The Batch: Describe an experience that illustrates the power of MLOps.
Wiley: In 2019, Spotify published a blog saying it used some of our pipelining technology and saw a 700 percent increase in the productivity of its data scientists. Data scientists are expensive, and there aren’t enough of them. Generally we would celebrate a 30 percent increase in productivity — 700 percent borders on absurd! That was remarkable to us.
The Batch: How is it relevant to engineers in small teams?
Wiley: If nothing else, it saves time. If you start using pipelines and everybody breaks their model down into their components, it transforms the way you build models. No longer do I start with a blinking cursor in a Jupyter notebook. I go to my team’s repository of pipeline components and gather components for data ingestion, model evaluation, data evaluation, and so on. Now I’m changing small pieces of code rather than writing a 3,000-line corpus from beginning to end.
The Batch: How far along the adoption curve are we, as an industry?
Wiley: I think the top machine learning companies are those that are using these kinds of tools. At the point where we start struggling to name those companies, we’re getting to the ones that are excited to start using these tools. A lot of the more nascent players are trying to figure out who to listen to. Someone at a data analytics company told me, “MLOps is a waste of time. You only need it if you’re moving it to production, and 95 percent of models never make it into production.” As a Googler and former Amazonian, I’ve seen the value of models in production. If you’re not building models in production, the machine learning you’re doing is not maximizing its value for your company.
The Batch: What comes next?
Wiley: Think about what it was like two or three years after distributed systems were created. You needed a PhD in distributed systems to touch these things. Now every college graduate is comfortable working with them. I think we’re seeing a similar thing in machine learning. In a few years, we’ll look back on where we are today and say, “We’ve learned a lot since then.”
24/7 Phish Fry
Foiling attackers who try to lure email users into clicking on a malicious link is a cat-and-mouse game, as phishing tactics evolve to evade detection. But machine learning models designed to recognize phishing attempts can evolve, too, through automatic retraining and checks to maintain accuracy.
What’s new: Food giant Nestlé built a system that checks incoming emails and sends suspicious ones to the company’s security team. Microsoft’s Azure Machine Learning web platform supplies the tools and processing power.
Problem: Nestlé receives up to 20 million emails in 300,000 inboxes daily. An earlier commercial system flooded analysts with legitimate messages wrongly flagged as phishing attempts — too many to evaluate manually.

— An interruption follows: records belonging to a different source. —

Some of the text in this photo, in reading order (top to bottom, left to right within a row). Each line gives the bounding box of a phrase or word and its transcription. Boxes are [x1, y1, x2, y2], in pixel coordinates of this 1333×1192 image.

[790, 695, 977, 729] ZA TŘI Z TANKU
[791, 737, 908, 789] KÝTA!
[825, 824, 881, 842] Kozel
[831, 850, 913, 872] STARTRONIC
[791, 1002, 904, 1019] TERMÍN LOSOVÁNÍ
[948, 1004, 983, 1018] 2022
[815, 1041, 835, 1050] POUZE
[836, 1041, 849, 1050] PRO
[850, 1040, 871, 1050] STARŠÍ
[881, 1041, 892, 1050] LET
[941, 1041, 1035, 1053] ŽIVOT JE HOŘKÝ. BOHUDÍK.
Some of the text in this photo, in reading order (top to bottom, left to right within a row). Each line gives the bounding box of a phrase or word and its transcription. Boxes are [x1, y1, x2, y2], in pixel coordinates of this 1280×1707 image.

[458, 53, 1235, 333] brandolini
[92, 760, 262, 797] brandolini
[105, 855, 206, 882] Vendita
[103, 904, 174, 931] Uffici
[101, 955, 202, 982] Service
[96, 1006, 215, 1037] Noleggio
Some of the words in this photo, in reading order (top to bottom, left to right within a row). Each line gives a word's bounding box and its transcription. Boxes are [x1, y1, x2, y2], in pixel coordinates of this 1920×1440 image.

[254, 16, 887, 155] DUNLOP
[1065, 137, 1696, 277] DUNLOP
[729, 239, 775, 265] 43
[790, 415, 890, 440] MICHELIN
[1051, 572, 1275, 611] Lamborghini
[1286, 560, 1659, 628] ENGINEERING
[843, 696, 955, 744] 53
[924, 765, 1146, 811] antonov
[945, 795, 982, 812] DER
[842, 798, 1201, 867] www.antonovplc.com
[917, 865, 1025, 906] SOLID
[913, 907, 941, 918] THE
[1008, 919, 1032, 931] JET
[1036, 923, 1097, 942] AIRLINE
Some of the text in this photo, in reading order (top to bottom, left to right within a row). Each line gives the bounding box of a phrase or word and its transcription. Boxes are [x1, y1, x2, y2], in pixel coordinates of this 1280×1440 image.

Solution: The company built an automated machine learning system that continually learns from phishing attempts, spots likely new ones, and forwards them to security analysts.
How it works: The system comprises three automated pipelines that run in the cloud. The first manages training, the second evaluates incoming messages, and the third passes the latest risky messages to security.
- The system stores incoming emails in a data lake. A transformer model fine-tuned for the task examines email subject headers to classify phishing attempts. Factors such as the sender’s domain are used to prioritize messages for human attention.
- It processes incoming messages hourly in batches that run in parallel and retrains the model weekly to learn from the latest attacks. It also retrains the model whenever the surrounding code is revised; say, if the software that parses subject headers implements a new tokenization scheme. It evaluates the new model's performance and, if the model performs well, deploys it.
- All models are versioned, registered, associated with the code base at the time, and saved to a database. Engineers can track the impact on performance of changes to the model, data, or code, making it easier to track down bugs, revert changes, and perform experiments.
Results: The system detects malicious emails more quickly and accurately than its commercial predecessor. It flags phishing attempts with 60 percent precision. Previously, most of those would have been missed, the team said.
Why it matters: Running several software pipelines continuously at high volume means a lot of moving parts in a critical application. Automating them and putting in place good tools and processes saves headaches and avoids security threats.
We’re thinking: With machine learning models hard at work fighting phishing, machine learning engineers have more time to go fishing.
Super-Human Quality Control
A computer vision model, continually trained and automatically updated, can boost quality control in factories.
What’s new: Landing AI, a machine learning platform company led by Andrew Ng, helped a maker of compressors for refrigeration check them for leaks. The manufacturer fills the compressor with air and submerges it in water while an inspector looks for telltale bubbles. Landing AI’s system outperformed the inspectors.
Problem: When a visual inspection model detects a flaw where none exists, an engineer adds the example to the training set. When enough new examples have accrued, the engineer retrains the model, compares it with its predecessor and, if the new model shows improved performance, puts it into production — a laborious process that may introduce new errors.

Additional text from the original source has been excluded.